2. The court hearing for the July 15th Twitter hack was conducted through Zoom, although it was cut short by the event being “zoom-bombed”. Last week 3 were charged with the Twitter hack, including the 17-year-old Graham Clarke. The 17-year-old was charged with 30 felony charges, including one count of fraudulent use of personal information with over $100,000 or 30 or more victims. It was revealed that the 3 criminals conducted a targeted a phone spear-phishing attack on Twitter employees. The notice for the hearing allowed the public to see the Zoom meeting time, ID number and no password, meaning that virtually anyone could participate in the hearing. Settings to prevent participants from using their own audio and video were not enabled, which allowed uninvited users to interrupt the hearing. Surprisingly, the court hearing had not enabled the settings to prevent the interruption, with security experts calling the “zoom bomb” predictable. Let's take a closer look into this week's events.

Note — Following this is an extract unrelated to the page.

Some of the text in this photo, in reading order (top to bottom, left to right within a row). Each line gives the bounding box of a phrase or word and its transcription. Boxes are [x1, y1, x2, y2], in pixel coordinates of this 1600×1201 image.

3. Earlier in the week, it was revealed that Microsoft was planning on buying the video-sharing app TikTok to relieve national security concerns from countries outside of China. There were concerns that the app could allow the Chinese government to spy on global users. However, it has been revealed that President Trump has told US firms to stop business with TikTok and parent company WeChat. Many argue that the ban is a part of Trump’s political agenda due to the heightened tension between the US and the Chinese government over various issues, including trade disputes.

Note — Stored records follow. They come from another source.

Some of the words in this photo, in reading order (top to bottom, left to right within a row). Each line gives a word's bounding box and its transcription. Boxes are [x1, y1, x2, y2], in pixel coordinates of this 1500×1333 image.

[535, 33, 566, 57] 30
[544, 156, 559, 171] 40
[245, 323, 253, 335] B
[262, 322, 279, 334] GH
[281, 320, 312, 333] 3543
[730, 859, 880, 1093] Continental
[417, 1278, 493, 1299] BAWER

4. This week the 23rd Black Hat USA security event was held virtually. During the Black Hat event, Blackberry released a new tool for reverse engineering PE files. The tool is named PE tree, which is a Python-based app for Linux, Mac and Windows, which allows reverse engineering and analysis of the internal structure of PE files. Also at Black Hat, an Oxford University researcher showed how cyber criminals can gain access to sensitive information on corporate networks with just home television equipment. The research demonstrated that security vulnerabilities in satellite broadband communications allowed the interception of unencrypted web traffic.
5. Google and WiCyS have partnered to create a training program to help women receive the right tools to boost their cyber security careers. The opportunity will allow 100 women the chance to advance their careers in the next 1.5 years through a skills development program. According to a 2019 report only 24% of the cyber security workforce is made up of Women. The program is an example of how innovative companies can lead the way in increasing diversity in cyber security, enabling new talent.